An investigation by Reuters found that while in the past most people boarded smuggling boats voluntarily, they are now being kidnapped or tricked even at the first stage of the chain.
Reporters interviewed Bangladeshi and Rohingya survivors, some of whom who had been taken to Thailand where human trafficking gangs run "brutal jungle camps" until relatives pay a ransom.
They told stories of being drugged, tied up and blindfolded before being put on small boats which carried them to larger ships at sea.
Forced to survive on scraps and contaminated seawater, hundreds of people live in these "floating prisons" for weeks. Those who die are thrown into the sea.
One victim, 20-year-old Afsar Miae from Bangladesh, was abducted by a gang who had offered what he thought was legitimate work.
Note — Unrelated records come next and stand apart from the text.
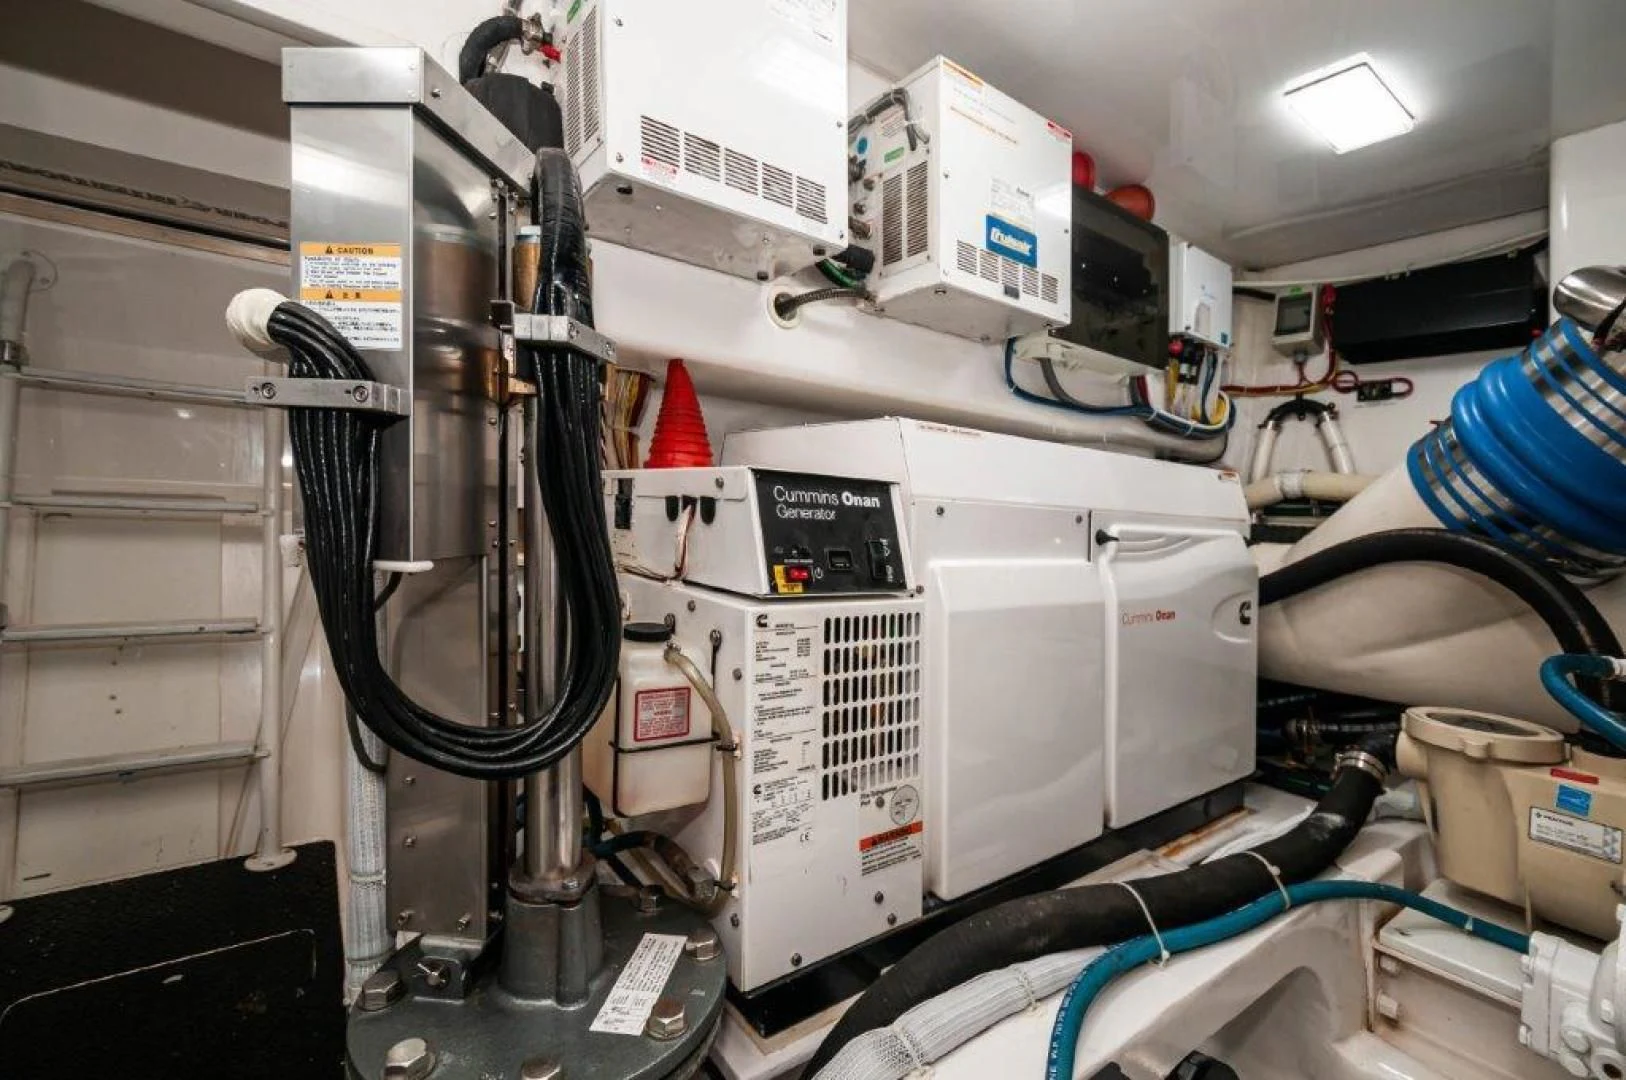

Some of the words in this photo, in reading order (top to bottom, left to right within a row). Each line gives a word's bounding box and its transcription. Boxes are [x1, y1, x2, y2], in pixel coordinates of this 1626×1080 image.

[337, 247, 374, 255] CAUTION
[773, 485, 839, 505] Cummins
[841, 491, 880, 508] Onan
[775, 504, 836, 520] Generator
[1155, 609, 1176, 621] Onan
He ended up on a ship anchored in the Bay of Bengal, which later set sail for Thailand.
Prisoners "were forced to squat for much of their journey and sometimes had their hands and feet bound with rope or cloth," Reputers reports.
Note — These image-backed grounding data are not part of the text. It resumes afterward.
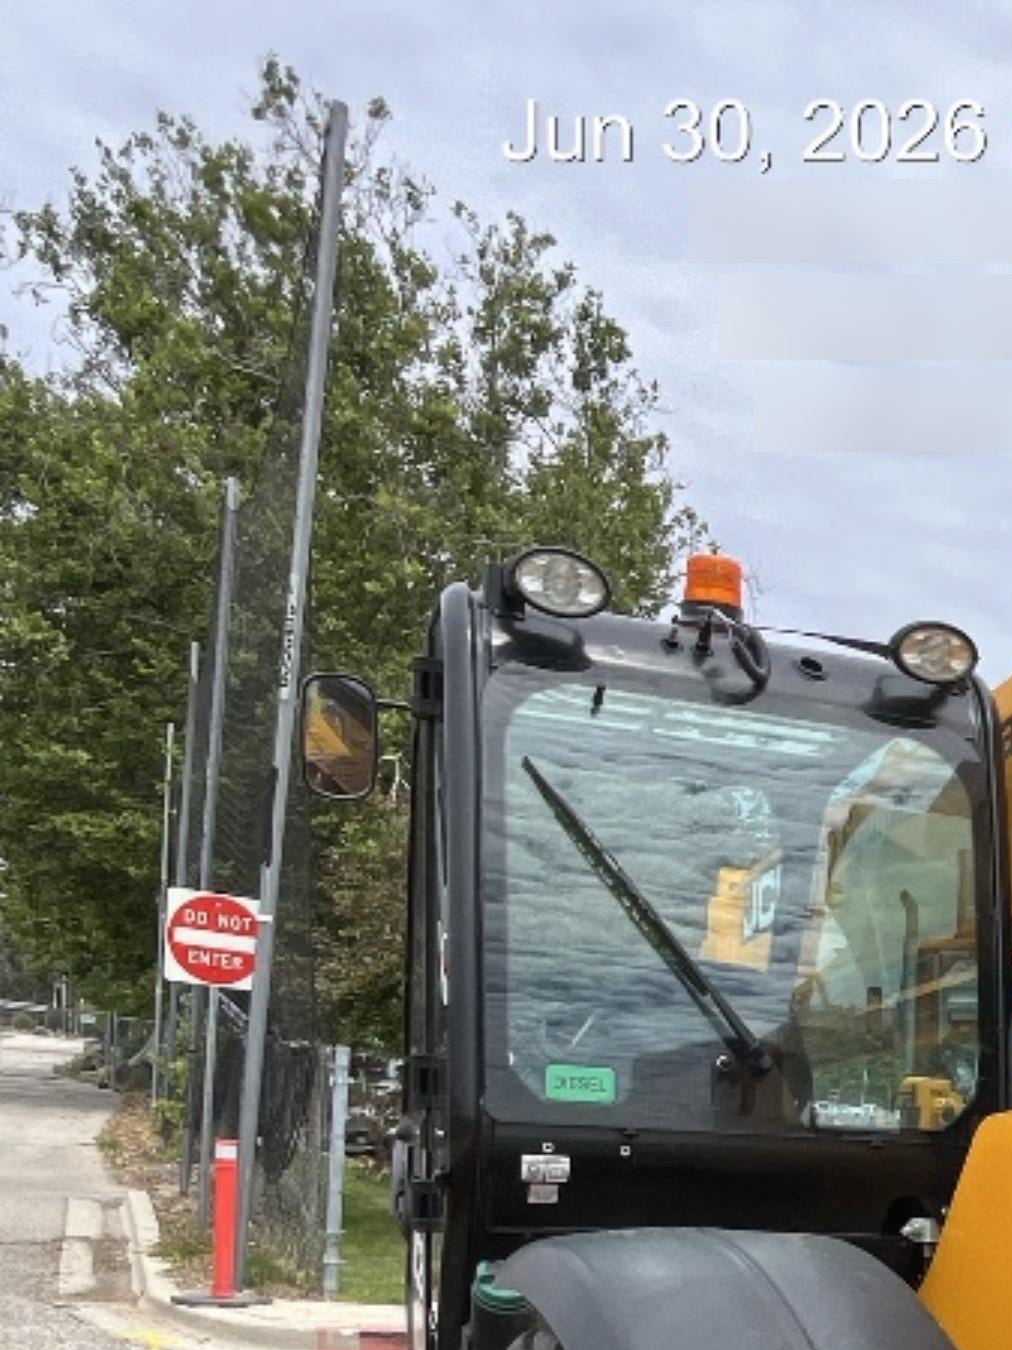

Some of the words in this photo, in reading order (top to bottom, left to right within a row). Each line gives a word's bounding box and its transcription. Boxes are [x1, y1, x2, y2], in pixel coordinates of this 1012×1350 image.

[184, 908, 208, 926] DO
[218, 913, 252, 932] NOT
[187, 948, 244, 971] ENTER
[553, 1075, 608, 1093] DIESEL
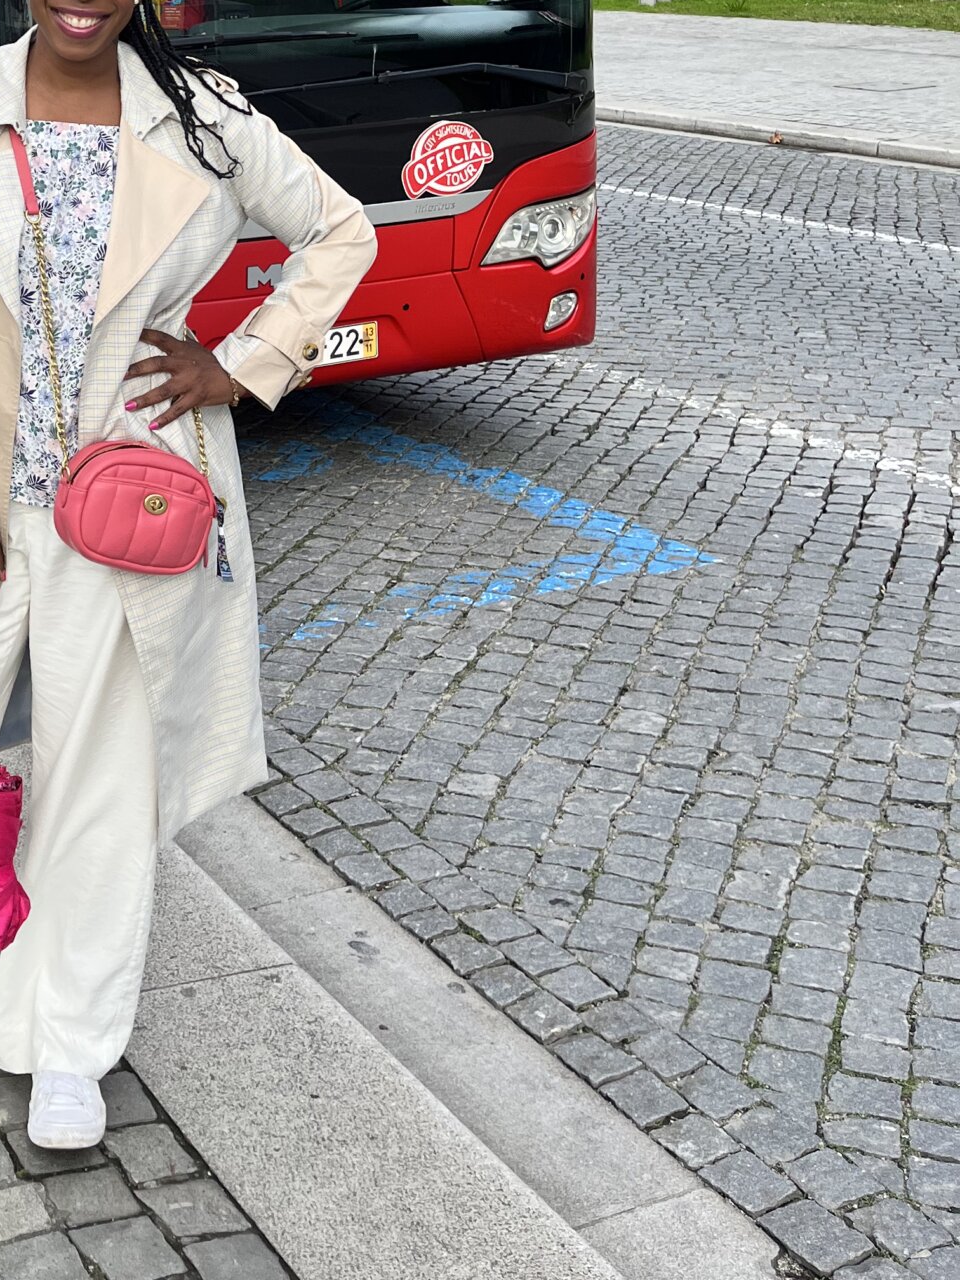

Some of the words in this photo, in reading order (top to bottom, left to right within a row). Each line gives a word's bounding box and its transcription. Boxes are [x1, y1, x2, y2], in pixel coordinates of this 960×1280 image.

[424, 135, 437, 151] CITY
[435, 124, 475, 140] SIGHTSEEING
[413, 141, 491, 185] OFFICIAL
[445, 163, 478, 186] TOUR
"The guards routinely beat them with sticks or whipped them with rubber fan belts. Food was a handful of rice a day, or nothing at all. What little drinking water they received was contaminated with sea water."
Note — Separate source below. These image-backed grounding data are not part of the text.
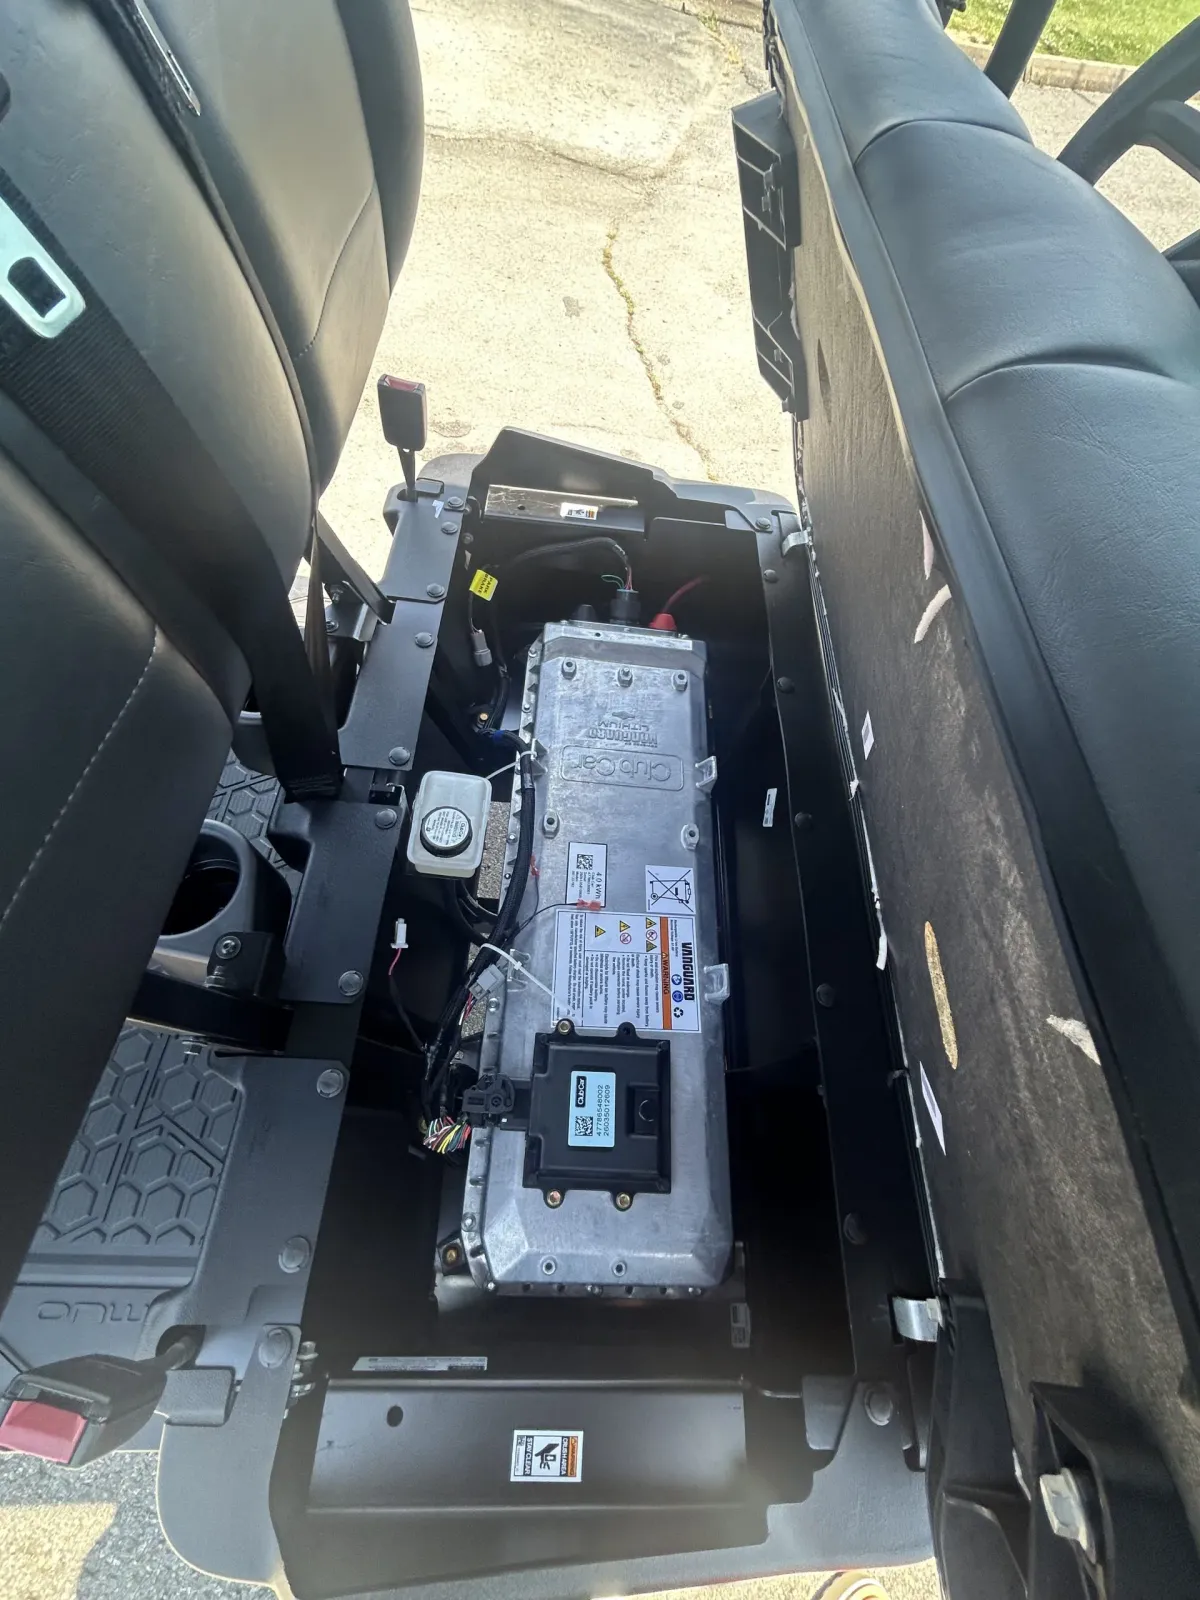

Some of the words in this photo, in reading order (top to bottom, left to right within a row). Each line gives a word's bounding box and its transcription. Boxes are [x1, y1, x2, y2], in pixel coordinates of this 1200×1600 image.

[478, 574, 488, 594] BRAKE
[484, 577, 493, 594] PARK
[588, 728, 658, 744] VANGUARD
[597, 721, 649, 732] LITHIUM
[571, 755, 616, 777] Car
[619, 759, 672, 782] Club
[682, 942, 695, 1001] VANGUARD
Miae and 80 other men were abandoned on a remote island before they had reached their destination, however. Officials suspect that their captors believed the trafficking chain to have been discovered.
"Their conditions were beyond what a human should have to go through," said Jadsada Thitimuta, an official in Phang Nga involved in the rescue mission. "Some were sick and many were like skeletons. They were eating leaves."
Thailand's Ministry of Social Development and Human Security says more than 130 suspected trafficking victims have been found in Phang Nga since October 11. Most are Bangladeshi, though some are Rohingya Muslim from western Myanmar.
The UNHCR has confirmed that "bigger fishing or cargo vessels" are carrying up to 700 passengers across the Bay of Bengal to Thailand, and October is said to mark the beginning of the busiest time for the trafficking industry as the sailing season sets in.
The Royal Thai Navy has admitted it is aware that people are being held captive on ships off its coast.
"The truth is they use fishing boats to transport people and the bottom of the boat becomes like a room to put the people [in], but it seems like a commercial fishing boat," said Royal Thai Navy spokesman Rear Admiral Kan Deeubol.
Officials working on the Banladeshi coast said it's no easier to stop the operation at their end. "At night they enter our waters, take the people and again cross the boundary. It is very difficult to identify those ships at sea," Lieutenant Commander M. Ashiqe Mahmud explained.
Thai offcials say that a crackdown on trafficking has forced traffickers to become "more sophisticated and cautious". However, human rights groups believe that trafficking has become increasingly lucrative, and high competition between smugglers has therefore led them to begin abducting.
Chris Lewa of the Arakan Project, a Rohingya advocacy group said that crime-ring organisers are "desperate" to cash in on the trade.
"There are always five to eight boats waiting in the Bay of Bengal. And the brokers are desperate to fill them," he said.